Start of RECORDS PROVIDED
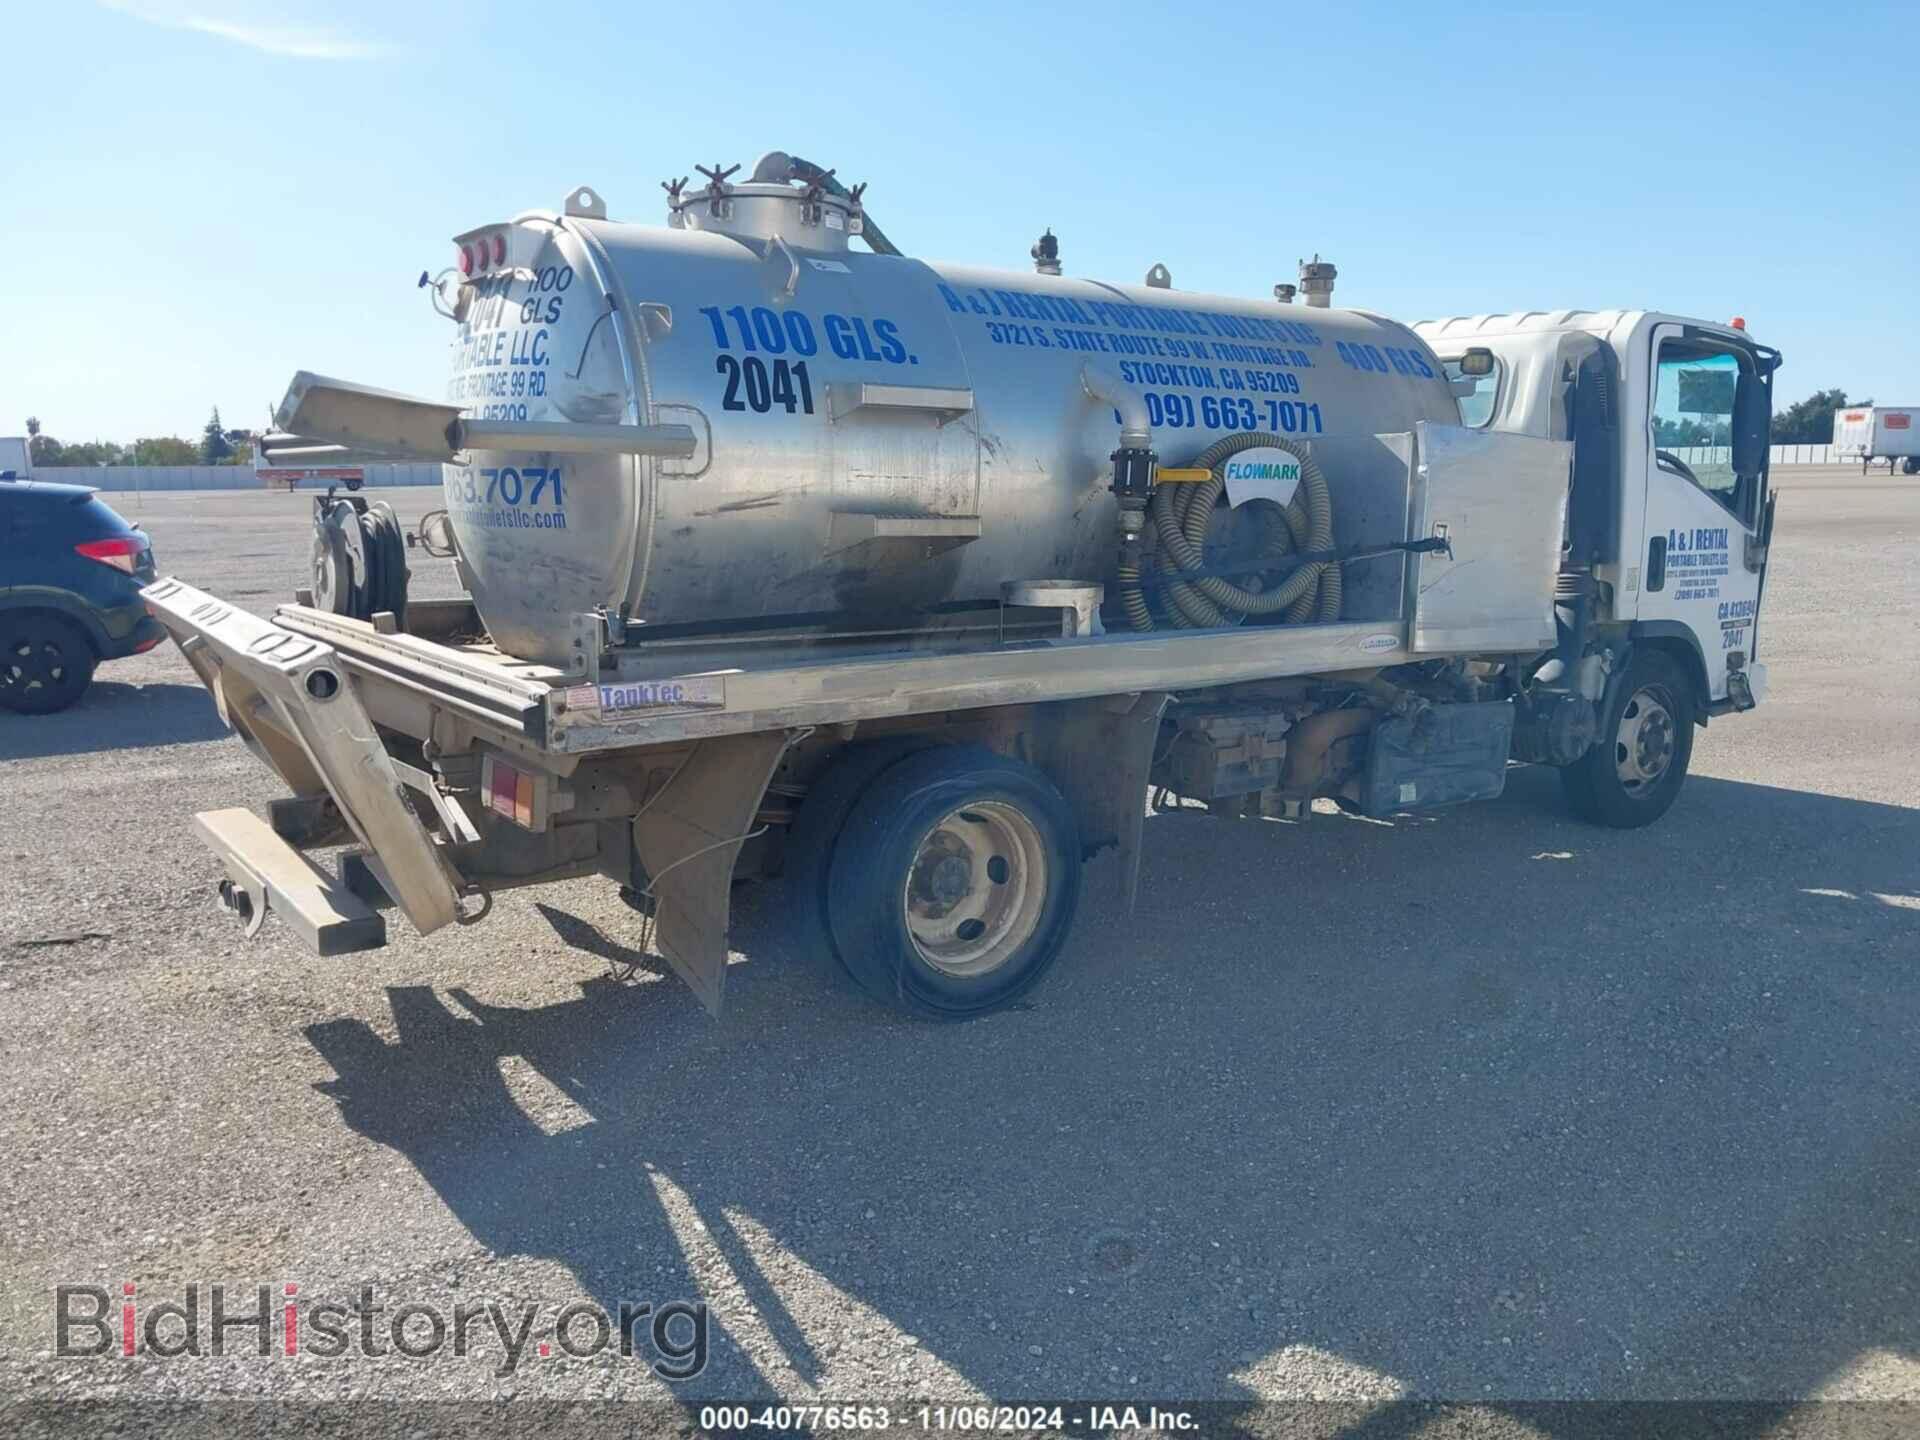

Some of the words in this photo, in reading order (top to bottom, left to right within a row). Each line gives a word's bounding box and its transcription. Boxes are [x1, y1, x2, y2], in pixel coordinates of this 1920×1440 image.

[520, 296, 563, 325] GLS
[936, 283, 968, 312] A
[966, 295, 987, 314] &
[993, 290, 1096, 325] RENTAL
[510, 329, 550, 366] LLC.
[699, 305, 818, 357] 1100
[823, 314, 919, 365] GLS.
[985, 322, 1034, 346] 3721
[1032, 326, 1055, 347] S.
[1053, 328, 1109, 352] STATE
[1105, 333, 1167, 357] ROUTE
[1164, 338, 1190, 358] 99
[1210, 342, 1290, 366] FRONTAGE
[510, 371, 525, 397] 99
[528, 370, 547, 396] RD.
[716, 354, 814, 414] 2041
[1119, 360, 1221, 391] STOCKTON,
[1219, 367, 1246, 391] CA
[1244, 369, 1300, 394] 95209
[1115, 392, 1196, 428] 09)
[1200, 395, 1323, 433] 663-7071
[1227, 463, 1299, 480] FLOWMARK
[1668, 529, 1676, 551] A
[1679, 532, 1686, 551] &
[1688, 529, 1694, 550] J
[1696, 528, 1728, 549] RENTAL
[602, 684, 684, 708] TankTec
End of RECORDS PROVIDED
▶ DIRECTIONS
Set down every entry exactly as it appears, but skip the pictures.

▶ THE ANSWER
Some of the words in this photo, in reading order (top to bottom, left to right within a row). Each line gives a word's bounding box and its transcription. Boxes are [x1, y1, x2, y2], in pixel coordinates of this 1920×1440 image.

[520, 296, 563, 325] GLS
[936, 283, 968, 312] A
[966, 295, 987, 314] &
[993, 290, 1096, 325] RENTAL
[510, 329, 550, 366] LLC.
[699, 305, 818, 357] 1100
[823, 314, 919, 365] GLS.
[985, 322, 1034, 346] 3721
[1032, 326, 1055, 347] S.
[1053, 328, 1109, 352] STATE
[1105, 333, 1167, 357] ROUTE
[1164, 338, 1190, 358] 99
[1210, 342, 1290, 366] FRONTAGE
[510, 371, 525, 397] 99
[528, 370, 547, 396] RD.
[716, 354, 814, 414] 2041
[1119, 360, 1221, 391] STOCKTON,
[1219, 367, 1246, 391] CA
[1244, 369, 1300, 394] 95209
[1115, 392, 1196, 428] 09)
[1200, 395, 1323, 433] 663-7071
[1227, 463, 1299, 480] FLOWMARK
[1668, 529, 1676, 551] A
[1679, 532, 1686, 551] &
[1688, 529, 1694, 550] J
[1696, 528, 1728, 549] RENTAL
[602, 684, 684, 708] TankTec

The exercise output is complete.